Is this difference large enough to give you confidence to go out and buy 100,000 names from the list with six purchases and none from the list with four?

Re-test to confirm findings


So, what’s a business-to-business marketer with high price products but a small response to do? Well, you can re-test to confirm findings.

No, you cannot conduct test panel A in March (e.g. 50% off) versus test panel B (e.g. 25% off) in June and compare the results as if they were conducted at the same time. Tests need to be conducted simultaneously to lessen the impact of time/season as a variable on response.

However, you can conduct the same test, A vs. B, both at the same time and twice – once in March and once in June. If you find the results to be consistent, they confirm each other and your confidence in rolling out to a large effort can be more justifiable.

Size does matter


Likewise, you need to make very sure that the groups you expose the tests to are the same. You cannot send one offer to large companies and another offer to small companies, and then compare the results to decide which offer to use for all sizes of companies.

The results may be different, not just based on the offer, but on the size and differing needs of the companies. When you test something, it is critical that you identify a larger group/segment that will be the same in composition.

Often, a test that worked on a segment like small businesses will prove successful.
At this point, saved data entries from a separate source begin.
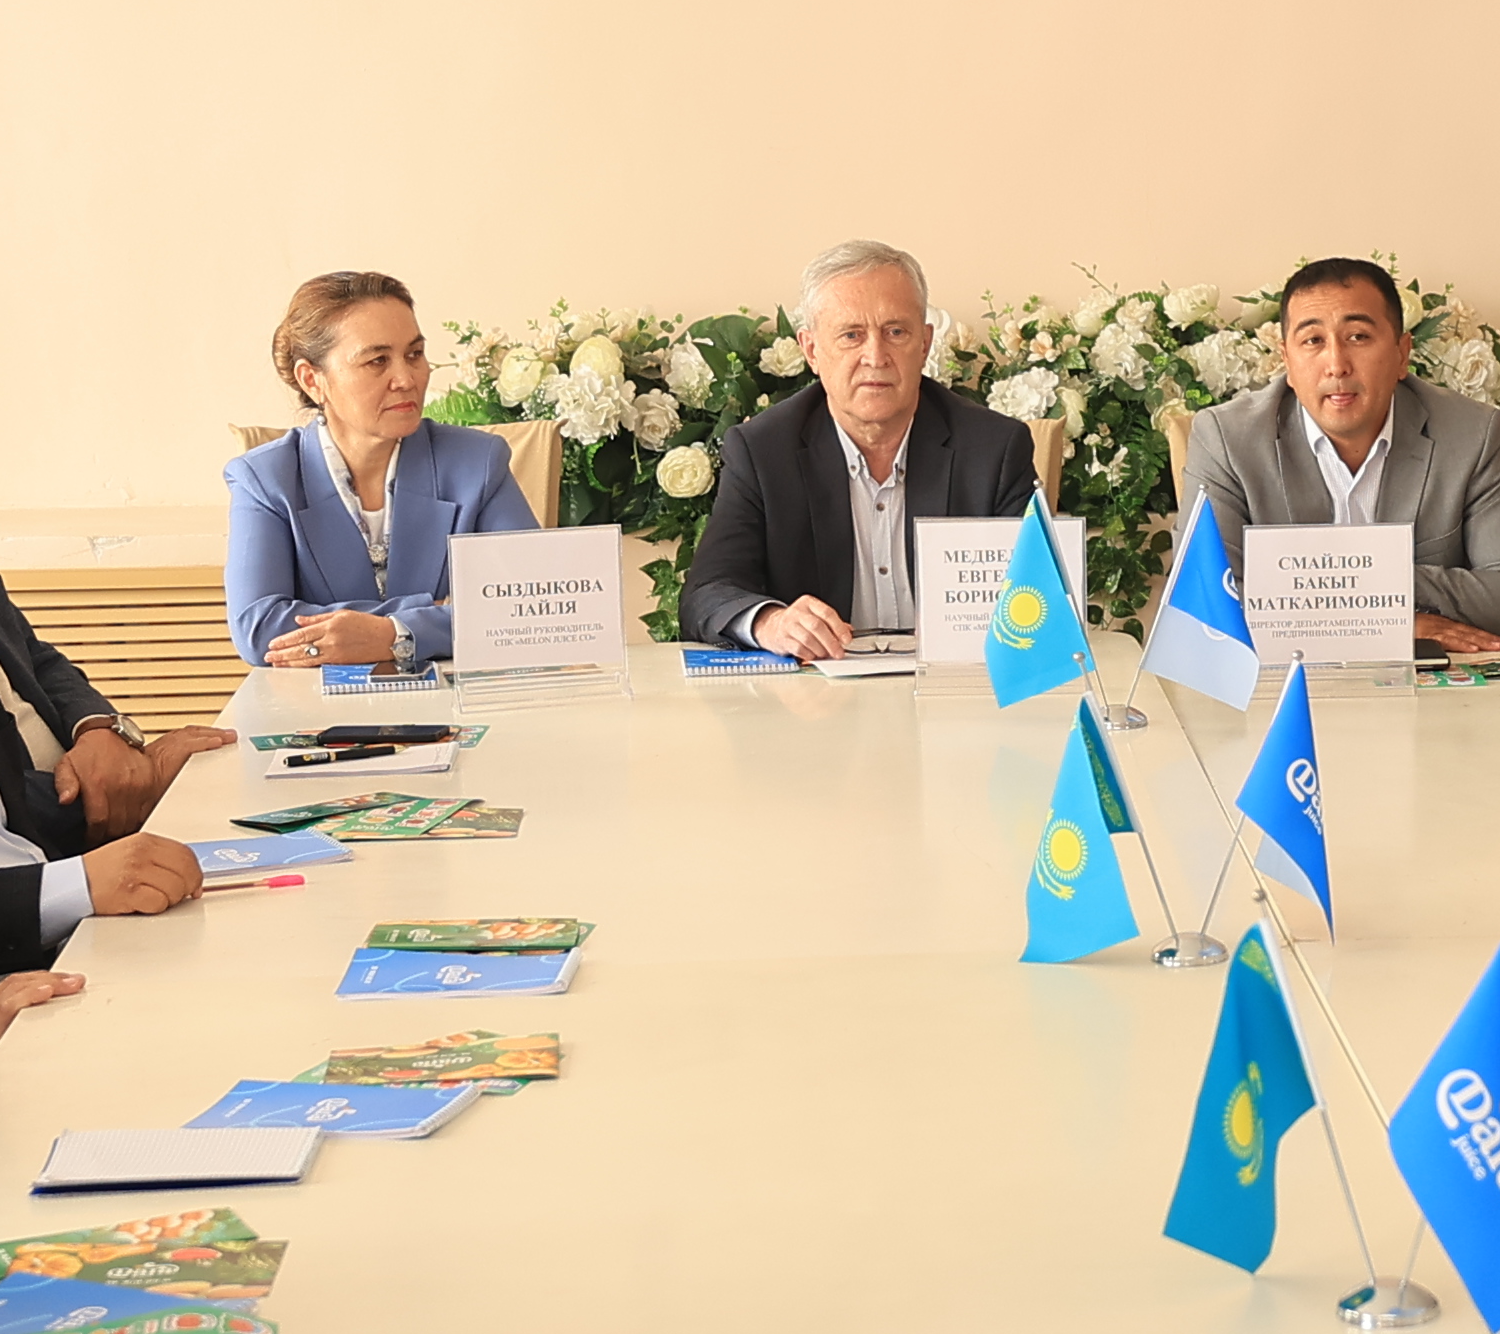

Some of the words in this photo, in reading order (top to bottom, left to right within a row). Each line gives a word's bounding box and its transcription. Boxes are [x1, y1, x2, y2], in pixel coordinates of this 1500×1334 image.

[1278, 553, 1373, 571] СМАЙЛОВ
[958, 569, 1007, 583] ЕВГЕ
[1292, 575, 1360, 590] БАКЫТ
[482, 578, 604, 598] СЫЗДЫКОВА
[510, 598, 577, 617] ЛАЙЛЯ
[1247, 594, 1407, 611] МАТКАРИМОВИЧ
[944, 612, 990, 622] НАУЧНЫЙ
[1249, 620, 1292, 629] ДИРЕКТОР
[1294, 619, 1366, 629] ДЕПАРТАМЕНТА
[1367, 618, 1396, 627] НАУКИ
[1399, 618, 1407, 626] И
[486, 625, 532, 637] НАУЧНЫЙ
[533, 623, 604, 635] РУКОВОДИТЕЛЬ
[952, 624, 972, 632] СПК
[1272, 628, 1383, 639] ПРЕДПРИНИМАТЕЛЬСТВА
[494, 638, 514, 647] СПК
[515, 636, 551, 646] «MELON
[553, 635, 578, 643] JUICE
[579, 634, 596, 642] CO»
Then, you apply it to large businesses, and it fails miserably.

Read results properly


If a test requires the marketer to spend more money, any increase achieved by the test in sales or profits should be viewed incrementally, e.g. how much more did you spend than you would have on the control and how much more did you get than you would have received?

Remember the control is the promotion you have been using traditionally to generate sales and profits. Also, test only what can really matter, what your company is willing to sustain over time.

If your operations department is categorically unwilling to give away free shipping, what does it matter if you perform a test and it wins?

Mary Ann Kleinfelter is president and owner of marketing consultancy Marketing Solutions Today.